━━━ RECORD EXCERPTS

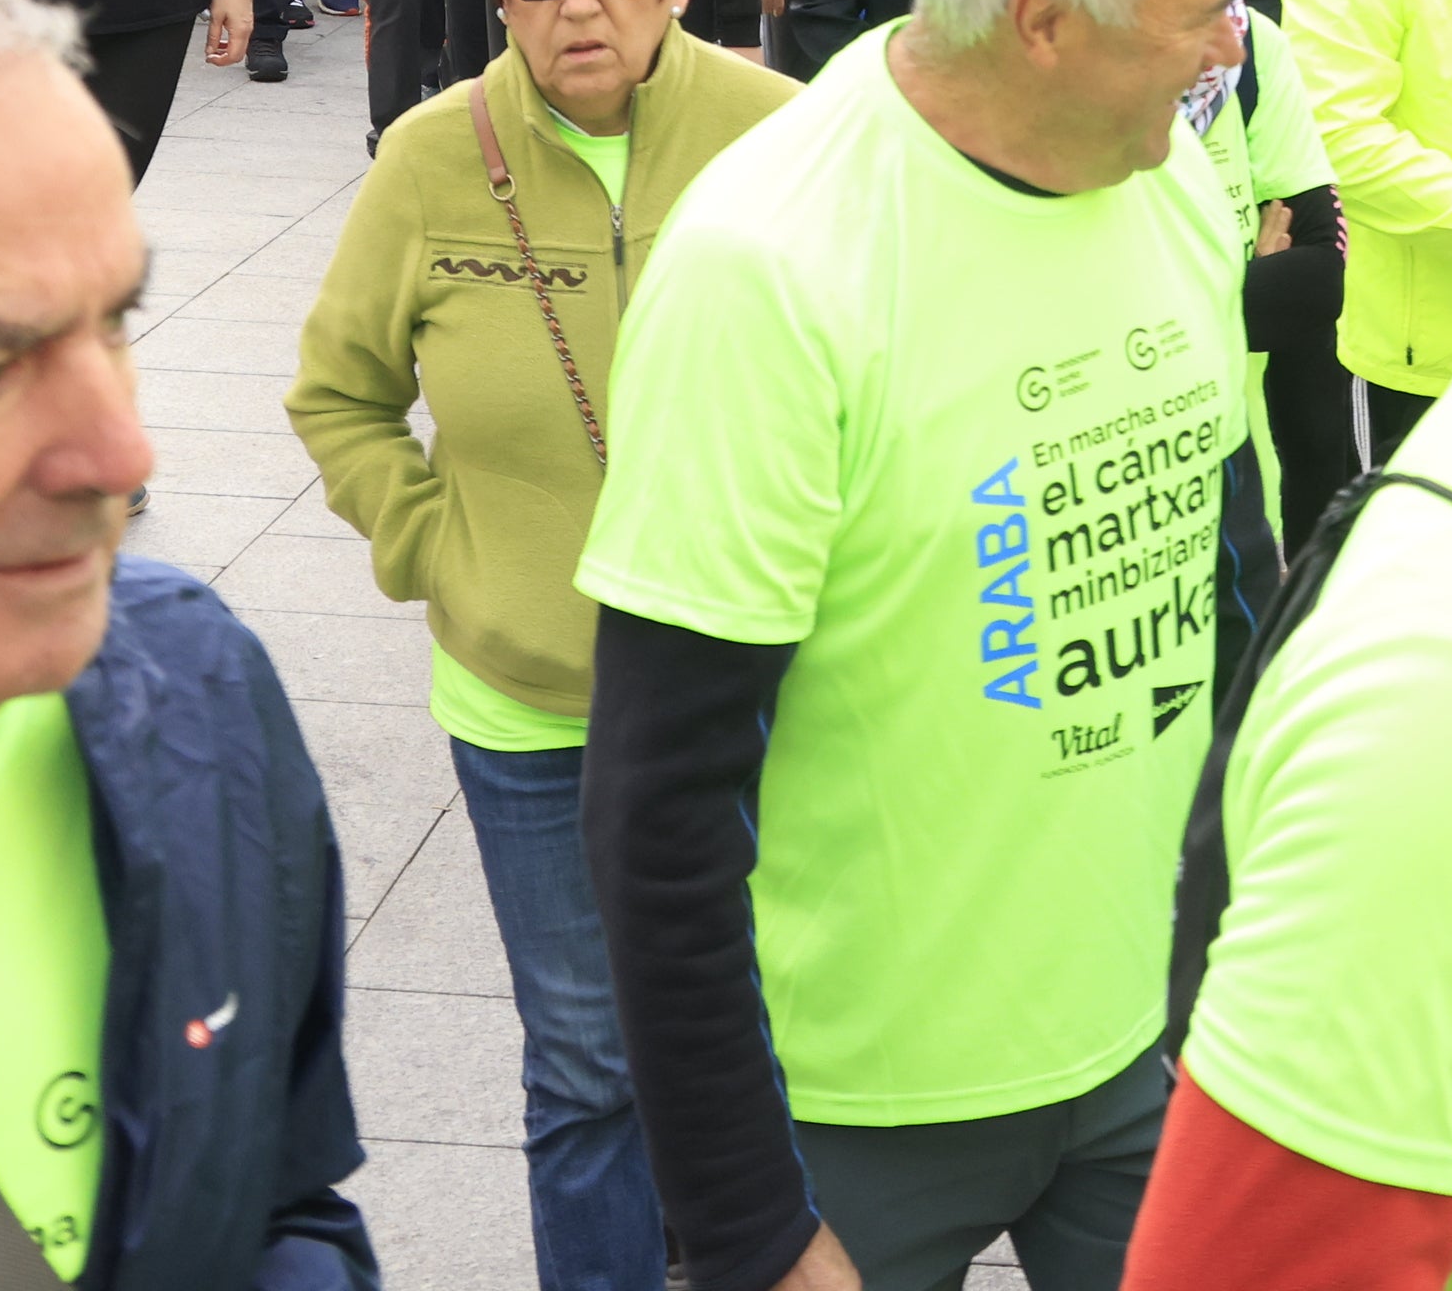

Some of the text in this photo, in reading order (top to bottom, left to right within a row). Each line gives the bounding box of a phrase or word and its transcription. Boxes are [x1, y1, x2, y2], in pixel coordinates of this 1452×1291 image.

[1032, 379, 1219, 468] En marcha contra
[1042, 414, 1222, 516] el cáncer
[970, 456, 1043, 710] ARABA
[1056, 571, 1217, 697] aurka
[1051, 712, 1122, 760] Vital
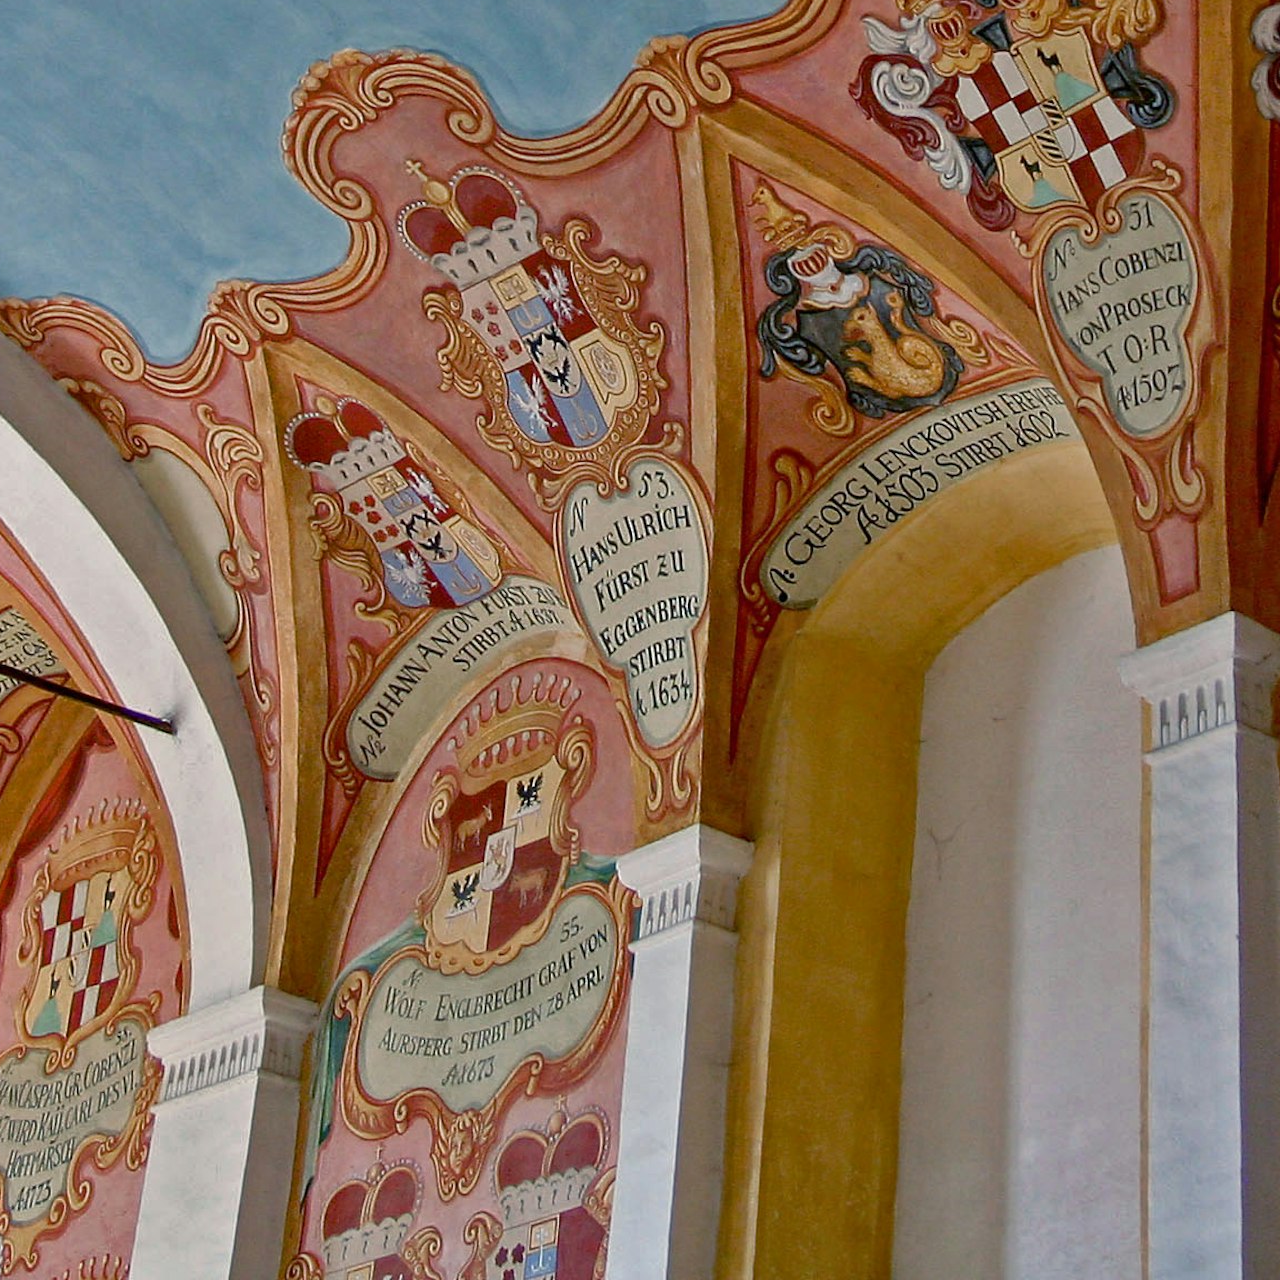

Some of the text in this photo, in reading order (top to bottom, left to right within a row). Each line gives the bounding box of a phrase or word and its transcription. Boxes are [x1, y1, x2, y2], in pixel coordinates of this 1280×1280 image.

━━━━━━

» ACTIVITY:
The entries above are to be printed again word for word, with every picture removed.

» RESPONSE TO THE EXERCISE:
Some of the text in this photo, in reading order (top to bottom, left to right within a row). Each line gives the bounding box of a phrase or word and its transcription. Boxes are [x1, y1, x2, y2], in pixel coordinates of this 1452×1291 image.

[1032, 379, 1219, 468] En marcha contra
[1042, 414, 1222, 516] el cáncer
[970, 456, 1043, 710] ARABA
[1056, 571, 1217, 697] aurka
[1051, 712, 1122, 760] Vital

Some of the text in this photo, in reading order (top to bottom, left to right within a row). Each line gives the bounding box of a phrase or word and its transcription. Boxes are [x1, y1, x2, y2], in pixel coordinates of this 1280×1280 image.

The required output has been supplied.